*** Begin section ***

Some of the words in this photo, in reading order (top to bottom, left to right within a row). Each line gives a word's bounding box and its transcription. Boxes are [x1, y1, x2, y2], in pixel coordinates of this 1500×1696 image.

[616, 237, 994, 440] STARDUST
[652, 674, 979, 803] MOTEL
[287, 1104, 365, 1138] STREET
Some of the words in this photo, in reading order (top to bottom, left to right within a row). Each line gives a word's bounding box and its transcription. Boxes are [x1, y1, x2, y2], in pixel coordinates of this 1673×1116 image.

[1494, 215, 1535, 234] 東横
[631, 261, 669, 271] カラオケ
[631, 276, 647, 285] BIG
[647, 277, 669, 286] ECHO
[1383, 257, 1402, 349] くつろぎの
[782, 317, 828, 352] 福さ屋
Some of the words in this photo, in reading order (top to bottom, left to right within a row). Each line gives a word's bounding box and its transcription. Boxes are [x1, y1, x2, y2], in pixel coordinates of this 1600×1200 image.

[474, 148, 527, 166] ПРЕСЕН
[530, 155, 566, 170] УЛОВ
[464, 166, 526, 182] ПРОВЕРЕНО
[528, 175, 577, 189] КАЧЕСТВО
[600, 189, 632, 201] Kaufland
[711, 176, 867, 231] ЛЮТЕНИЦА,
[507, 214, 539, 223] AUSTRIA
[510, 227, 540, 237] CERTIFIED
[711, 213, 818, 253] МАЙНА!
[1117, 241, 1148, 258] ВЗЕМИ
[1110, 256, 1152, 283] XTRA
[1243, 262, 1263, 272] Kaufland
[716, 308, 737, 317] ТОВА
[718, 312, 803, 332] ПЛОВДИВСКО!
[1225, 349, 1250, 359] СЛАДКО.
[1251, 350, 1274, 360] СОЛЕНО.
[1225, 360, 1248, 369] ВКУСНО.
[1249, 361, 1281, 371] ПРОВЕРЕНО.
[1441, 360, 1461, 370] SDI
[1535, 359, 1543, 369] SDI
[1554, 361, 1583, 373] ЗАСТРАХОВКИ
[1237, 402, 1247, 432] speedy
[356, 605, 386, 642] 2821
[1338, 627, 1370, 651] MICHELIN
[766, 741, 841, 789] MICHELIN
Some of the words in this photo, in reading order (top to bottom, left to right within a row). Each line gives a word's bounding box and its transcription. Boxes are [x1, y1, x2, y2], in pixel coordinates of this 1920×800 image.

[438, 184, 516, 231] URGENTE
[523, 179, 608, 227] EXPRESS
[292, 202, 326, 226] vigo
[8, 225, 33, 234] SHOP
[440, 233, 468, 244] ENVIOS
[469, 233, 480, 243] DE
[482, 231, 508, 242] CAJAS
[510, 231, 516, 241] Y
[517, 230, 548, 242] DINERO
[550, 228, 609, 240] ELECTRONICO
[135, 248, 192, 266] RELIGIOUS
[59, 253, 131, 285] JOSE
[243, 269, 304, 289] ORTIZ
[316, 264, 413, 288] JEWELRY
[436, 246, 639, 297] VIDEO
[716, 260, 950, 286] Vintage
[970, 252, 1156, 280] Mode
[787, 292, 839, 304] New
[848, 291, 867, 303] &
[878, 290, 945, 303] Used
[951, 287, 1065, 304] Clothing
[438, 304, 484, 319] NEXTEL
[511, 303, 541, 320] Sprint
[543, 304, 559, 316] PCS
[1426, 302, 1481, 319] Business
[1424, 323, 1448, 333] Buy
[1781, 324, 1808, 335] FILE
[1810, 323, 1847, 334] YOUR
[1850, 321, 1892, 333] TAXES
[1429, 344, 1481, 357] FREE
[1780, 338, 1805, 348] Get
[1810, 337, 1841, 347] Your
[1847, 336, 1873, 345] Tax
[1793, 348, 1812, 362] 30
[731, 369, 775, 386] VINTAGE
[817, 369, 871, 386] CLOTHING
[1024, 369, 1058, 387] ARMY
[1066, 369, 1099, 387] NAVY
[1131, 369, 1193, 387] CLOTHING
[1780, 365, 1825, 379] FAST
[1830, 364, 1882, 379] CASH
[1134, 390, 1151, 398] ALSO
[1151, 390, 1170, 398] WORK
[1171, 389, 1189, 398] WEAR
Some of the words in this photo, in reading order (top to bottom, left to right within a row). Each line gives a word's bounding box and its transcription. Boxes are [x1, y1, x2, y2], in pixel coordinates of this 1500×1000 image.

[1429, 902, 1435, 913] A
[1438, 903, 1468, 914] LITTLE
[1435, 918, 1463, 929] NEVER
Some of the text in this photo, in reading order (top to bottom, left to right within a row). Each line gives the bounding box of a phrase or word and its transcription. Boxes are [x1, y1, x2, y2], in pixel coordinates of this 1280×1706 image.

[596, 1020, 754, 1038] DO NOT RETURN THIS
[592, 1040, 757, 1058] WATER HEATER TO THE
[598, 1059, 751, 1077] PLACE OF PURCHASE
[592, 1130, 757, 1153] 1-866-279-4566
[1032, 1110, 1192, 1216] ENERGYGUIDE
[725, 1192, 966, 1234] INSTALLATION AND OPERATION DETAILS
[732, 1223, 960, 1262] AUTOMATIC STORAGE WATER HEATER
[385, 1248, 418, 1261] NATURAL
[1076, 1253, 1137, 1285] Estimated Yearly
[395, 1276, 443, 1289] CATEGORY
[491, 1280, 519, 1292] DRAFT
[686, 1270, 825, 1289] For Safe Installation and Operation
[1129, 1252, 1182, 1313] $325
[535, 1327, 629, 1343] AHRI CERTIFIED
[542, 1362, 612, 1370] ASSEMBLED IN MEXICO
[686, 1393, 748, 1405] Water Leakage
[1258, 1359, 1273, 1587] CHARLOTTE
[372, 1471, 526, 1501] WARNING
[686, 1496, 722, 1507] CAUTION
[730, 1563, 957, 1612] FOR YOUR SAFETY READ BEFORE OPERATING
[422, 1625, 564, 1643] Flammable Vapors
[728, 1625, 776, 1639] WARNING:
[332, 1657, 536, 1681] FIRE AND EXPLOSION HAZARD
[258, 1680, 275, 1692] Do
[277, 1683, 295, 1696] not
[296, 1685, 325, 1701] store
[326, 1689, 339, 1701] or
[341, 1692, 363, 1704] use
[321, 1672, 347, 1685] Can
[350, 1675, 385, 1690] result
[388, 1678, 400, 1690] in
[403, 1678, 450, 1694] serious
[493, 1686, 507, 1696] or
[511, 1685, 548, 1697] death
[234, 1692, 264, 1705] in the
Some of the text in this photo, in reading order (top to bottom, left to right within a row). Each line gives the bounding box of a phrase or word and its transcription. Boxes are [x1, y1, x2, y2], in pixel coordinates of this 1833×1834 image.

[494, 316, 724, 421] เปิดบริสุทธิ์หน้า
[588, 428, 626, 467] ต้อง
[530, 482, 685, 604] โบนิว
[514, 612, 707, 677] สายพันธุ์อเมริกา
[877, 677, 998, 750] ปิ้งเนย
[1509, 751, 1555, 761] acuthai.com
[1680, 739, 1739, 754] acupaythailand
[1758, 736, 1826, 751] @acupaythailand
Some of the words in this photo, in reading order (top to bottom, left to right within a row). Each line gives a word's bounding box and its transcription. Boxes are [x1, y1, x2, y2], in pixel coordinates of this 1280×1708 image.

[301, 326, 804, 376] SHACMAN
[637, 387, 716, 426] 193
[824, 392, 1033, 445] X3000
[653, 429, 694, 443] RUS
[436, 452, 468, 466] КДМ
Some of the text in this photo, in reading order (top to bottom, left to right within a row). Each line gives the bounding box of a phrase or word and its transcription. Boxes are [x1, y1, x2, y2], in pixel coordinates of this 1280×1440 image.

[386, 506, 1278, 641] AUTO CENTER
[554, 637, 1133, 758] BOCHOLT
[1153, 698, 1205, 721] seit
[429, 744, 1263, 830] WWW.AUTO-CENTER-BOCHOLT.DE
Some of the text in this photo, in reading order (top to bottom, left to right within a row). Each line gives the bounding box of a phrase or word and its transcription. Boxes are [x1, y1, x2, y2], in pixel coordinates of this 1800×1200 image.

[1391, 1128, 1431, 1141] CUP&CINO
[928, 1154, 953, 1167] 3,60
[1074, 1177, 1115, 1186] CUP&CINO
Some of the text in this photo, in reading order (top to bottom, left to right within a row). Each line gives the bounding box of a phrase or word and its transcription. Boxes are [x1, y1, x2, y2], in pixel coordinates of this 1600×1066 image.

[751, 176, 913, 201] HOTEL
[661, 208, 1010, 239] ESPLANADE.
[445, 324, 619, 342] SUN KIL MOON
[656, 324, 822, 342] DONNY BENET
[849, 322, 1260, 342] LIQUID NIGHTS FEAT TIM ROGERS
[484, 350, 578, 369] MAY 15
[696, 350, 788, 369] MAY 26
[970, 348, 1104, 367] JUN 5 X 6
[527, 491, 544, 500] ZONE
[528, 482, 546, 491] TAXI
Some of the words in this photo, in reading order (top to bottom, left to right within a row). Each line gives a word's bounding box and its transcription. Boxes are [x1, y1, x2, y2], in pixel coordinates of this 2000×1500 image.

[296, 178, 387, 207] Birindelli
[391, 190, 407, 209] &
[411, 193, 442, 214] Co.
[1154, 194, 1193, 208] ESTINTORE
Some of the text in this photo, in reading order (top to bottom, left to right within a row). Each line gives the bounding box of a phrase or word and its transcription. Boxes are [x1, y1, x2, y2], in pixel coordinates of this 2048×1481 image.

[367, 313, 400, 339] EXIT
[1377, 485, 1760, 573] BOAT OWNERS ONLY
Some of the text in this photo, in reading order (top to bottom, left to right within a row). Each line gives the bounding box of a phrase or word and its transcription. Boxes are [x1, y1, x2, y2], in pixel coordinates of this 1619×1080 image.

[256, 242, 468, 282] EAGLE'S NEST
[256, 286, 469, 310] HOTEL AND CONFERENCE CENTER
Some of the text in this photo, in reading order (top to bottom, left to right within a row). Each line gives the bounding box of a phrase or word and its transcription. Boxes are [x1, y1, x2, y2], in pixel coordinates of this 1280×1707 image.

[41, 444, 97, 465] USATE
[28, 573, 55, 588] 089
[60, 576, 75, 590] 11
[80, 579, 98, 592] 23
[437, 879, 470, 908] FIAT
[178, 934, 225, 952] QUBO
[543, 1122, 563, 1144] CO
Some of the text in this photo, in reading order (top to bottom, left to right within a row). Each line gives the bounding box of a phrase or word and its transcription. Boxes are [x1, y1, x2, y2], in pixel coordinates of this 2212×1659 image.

*** End section ***

## Exercise aim
Transcribe, word for word, every line from the one containing "this 2000×1500 image." through the final line of the entries, and nothing else.

## Task answer
Some of the words in this photo, in reading order (top to bottom, left to right within a row). Each line gives a word's bounding box and its transcription. Boxes are [x1, y1, x2, y2], in pixel coordinates of this 2000×1500 image.

[296, 178, 387, 207] Birindelli
[391, 190, 407, 209] &
[411, 193, 442, 214] Co.
[1154, 194, 1193, 208] ESTINTORE
Some of the text in this photo, in reading order (top to bottom, left to right within a row). Each line gives the bounding box of a phrase or word and its transcription. Boxes are [x1, y1, x2, y2], in pixel coordinates of this 2048×1481 image.

[367, 313, 400, 339] EXIT
[1377, 485, 1760, 573] BOAT OWNERS ONLY
Some of the text in this photo, in reading order (top to bottom, left to right within a row). Each line gives the bounding box of a phrase or word and its transcription. Boxes are [x1, y1, x2, y2], in pixel coordinates of this 1619×1080 image.

[256, 242, 468, 282] EAGLE'S NEST
[256, 286, 469, 310] HOTEL AND CONFERENCE CENTER
Some of the text in this photo, in reading order (top to bottom, left to right within a row). Each line gives the bounding box of a phrase or word and its transcription. Boxes are [x1, y1, x2, y2], in pixel coordinates of this 1280×1707 image.

[41, 444, 97, 465] USATE
[28, 573, 55, 588] 089
[60, 576, 75, 590] 11
[80, 579, 98, 592] 23
[437, 879, 470, 908] FIAT
[178, 934, 225, 952] QUBO
[543, 1122, 563, 1144] CO
Some of the text in this photo, in reading order (top to bottom, left to right within a row). Each line gives the bounding box of a phrase or word and its transcription. Boxes are [x1, y1, x2, y2], in pixel coordinates of this 2212×1659 image.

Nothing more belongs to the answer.